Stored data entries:
....

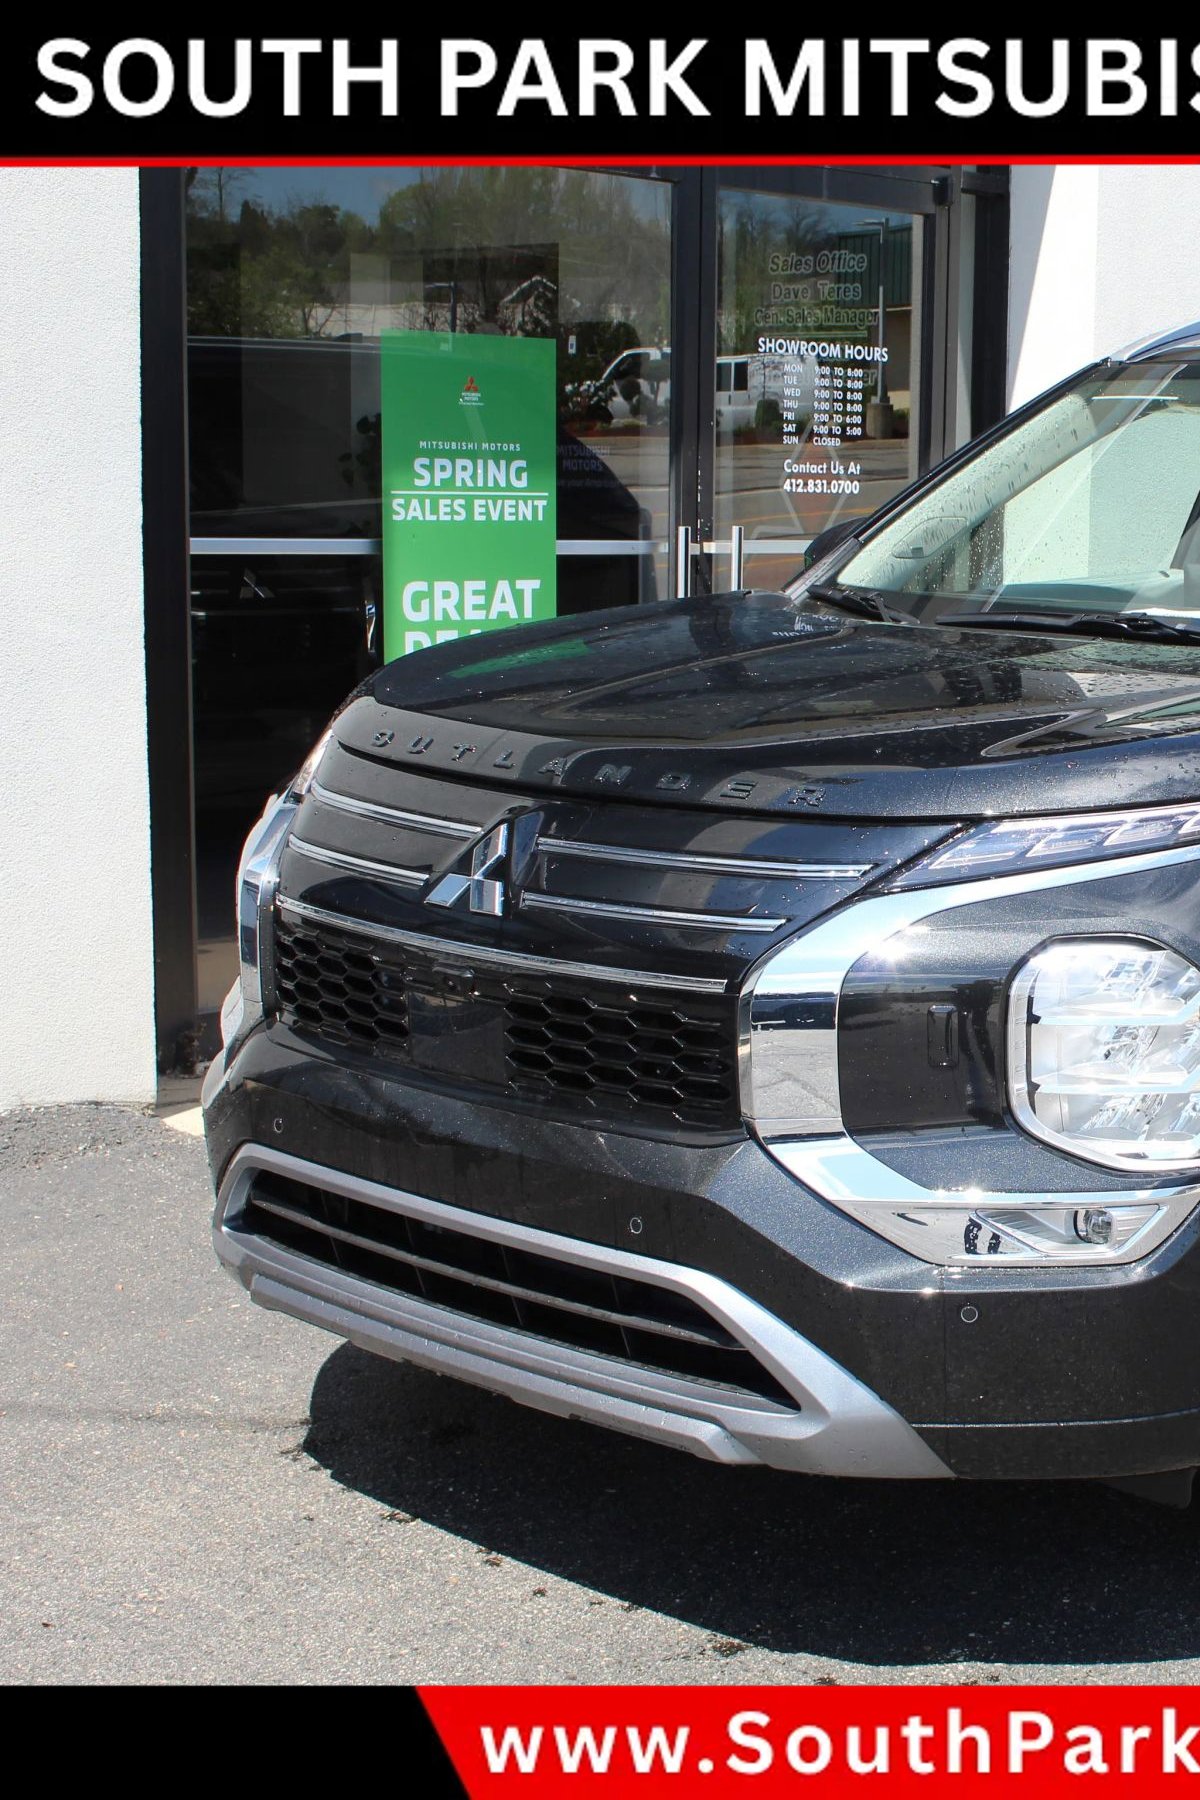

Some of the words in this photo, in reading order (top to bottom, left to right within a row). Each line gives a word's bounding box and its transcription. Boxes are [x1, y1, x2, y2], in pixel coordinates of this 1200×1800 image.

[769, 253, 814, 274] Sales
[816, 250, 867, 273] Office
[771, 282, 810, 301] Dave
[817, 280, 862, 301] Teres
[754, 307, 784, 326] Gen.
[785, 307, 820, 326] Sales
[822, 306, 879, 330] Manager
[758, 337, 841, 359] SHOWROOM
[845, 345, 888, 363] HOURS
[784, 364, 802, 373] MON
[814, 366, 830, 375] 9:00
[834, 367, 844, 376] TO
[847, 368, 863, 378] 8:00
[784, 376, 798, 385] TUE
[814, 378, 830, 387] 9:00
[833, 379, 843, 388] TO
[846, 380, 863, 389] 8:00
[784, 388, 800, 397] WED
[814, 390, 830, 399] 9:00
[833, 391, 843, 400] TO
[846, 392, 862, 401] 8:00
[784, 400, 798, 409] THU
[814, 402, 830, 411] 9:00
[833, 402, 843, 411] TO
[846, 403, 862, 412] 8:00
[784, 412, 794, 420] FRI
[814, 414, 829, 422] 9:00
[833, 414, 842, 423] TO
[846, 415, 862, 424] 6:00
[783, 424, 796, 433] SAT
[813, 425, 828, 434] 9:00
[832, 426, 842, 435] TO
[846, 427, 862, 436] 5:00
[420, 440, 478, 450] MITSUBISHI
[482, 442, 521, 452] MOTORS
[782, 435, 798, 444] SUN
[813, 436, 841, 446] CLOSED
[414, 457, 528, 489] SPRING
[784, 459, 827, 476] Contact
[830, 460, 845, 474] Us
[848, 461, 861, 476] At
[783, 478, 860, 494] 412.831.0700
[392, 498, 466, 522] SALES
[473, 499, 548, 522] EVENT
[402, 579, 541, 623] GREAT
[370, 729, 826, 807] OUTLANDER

....

**Task brief:**
The entries should be reproduced word for word, pictures omitted.

**Answer to this problem:**
Some of the words in this photo, in reading order (top to bottom, left to right within a row). Each line gives a word's bounding box and its transcription. Boxes are [x1, y1, x2, y2], in pixel coordinates of this 1200×1800 image.

[769, 253, 814, 274] Sales
[816, 250, 867, 273] Office
[771, 282, 810, 301] Dave
[817, 280, 862, 301] Teres
[754, 307, 784, 326] Gen.
[785, 307, 820, 326] Sales
[822, 306, 879, 330] Manager
[758, 337, 841, 359] SHOWROOM
[845, 345, 888, 363] HOURS
[784, 364, 802, 373] MON
[814, 366, 830, 375] 9:00
[834, 367, 844, 376] TO
[847, 368, 863, 378] 8:00
[784, 376, 798, 385] TUE
[814, 378, 830, 387] 9:00
[833, 379, 843, 388] TO
[846, 380, 863, 389] 8:00
[784, 388, 800, 397] WED
[814, 390, 830, 399] 9:00
[833, 391, 843, 400] TO
[846, 392, 862, 401] 8:00
[784, 400, 798, 409] THU
[814, 402, 830, 411] 9:00
[833, 402, 843, 411] TO
[846, 403, 862, 412] 8:00
[784, 412, 794, 420] FRI
[814, 414, 829, 422] 9:00
[833, 414, 842, 423] TO
[846, 415, 862, 424] 6:00
[783, 424, 796, 433] SAT
[813, 425, 828, 434] 9:00
[832, 426, 842, 435] TO
[846, 427, 862, 436] 5:00
[420, 440, 478, 450] MITSUBISHI
[482, 442, 521, 452] MOTORS
[782, 435, 798, 444] SUN
[813, 436, 841, 446] CLOSED
[414, 457, 528, 489] SPRING
[784, 459, 827, 476] Contact
[830, 460, 845, 474] Us
[848, 461, 861, 476] At
[783, 478, 860, 494] 412.831.0700
[392, 498, 466, 522] SALES
[473, 499, 548, 522] EVENT
[402, 579, 541, 623] GREAT
[370, 729, 826, 807] OUTLANDER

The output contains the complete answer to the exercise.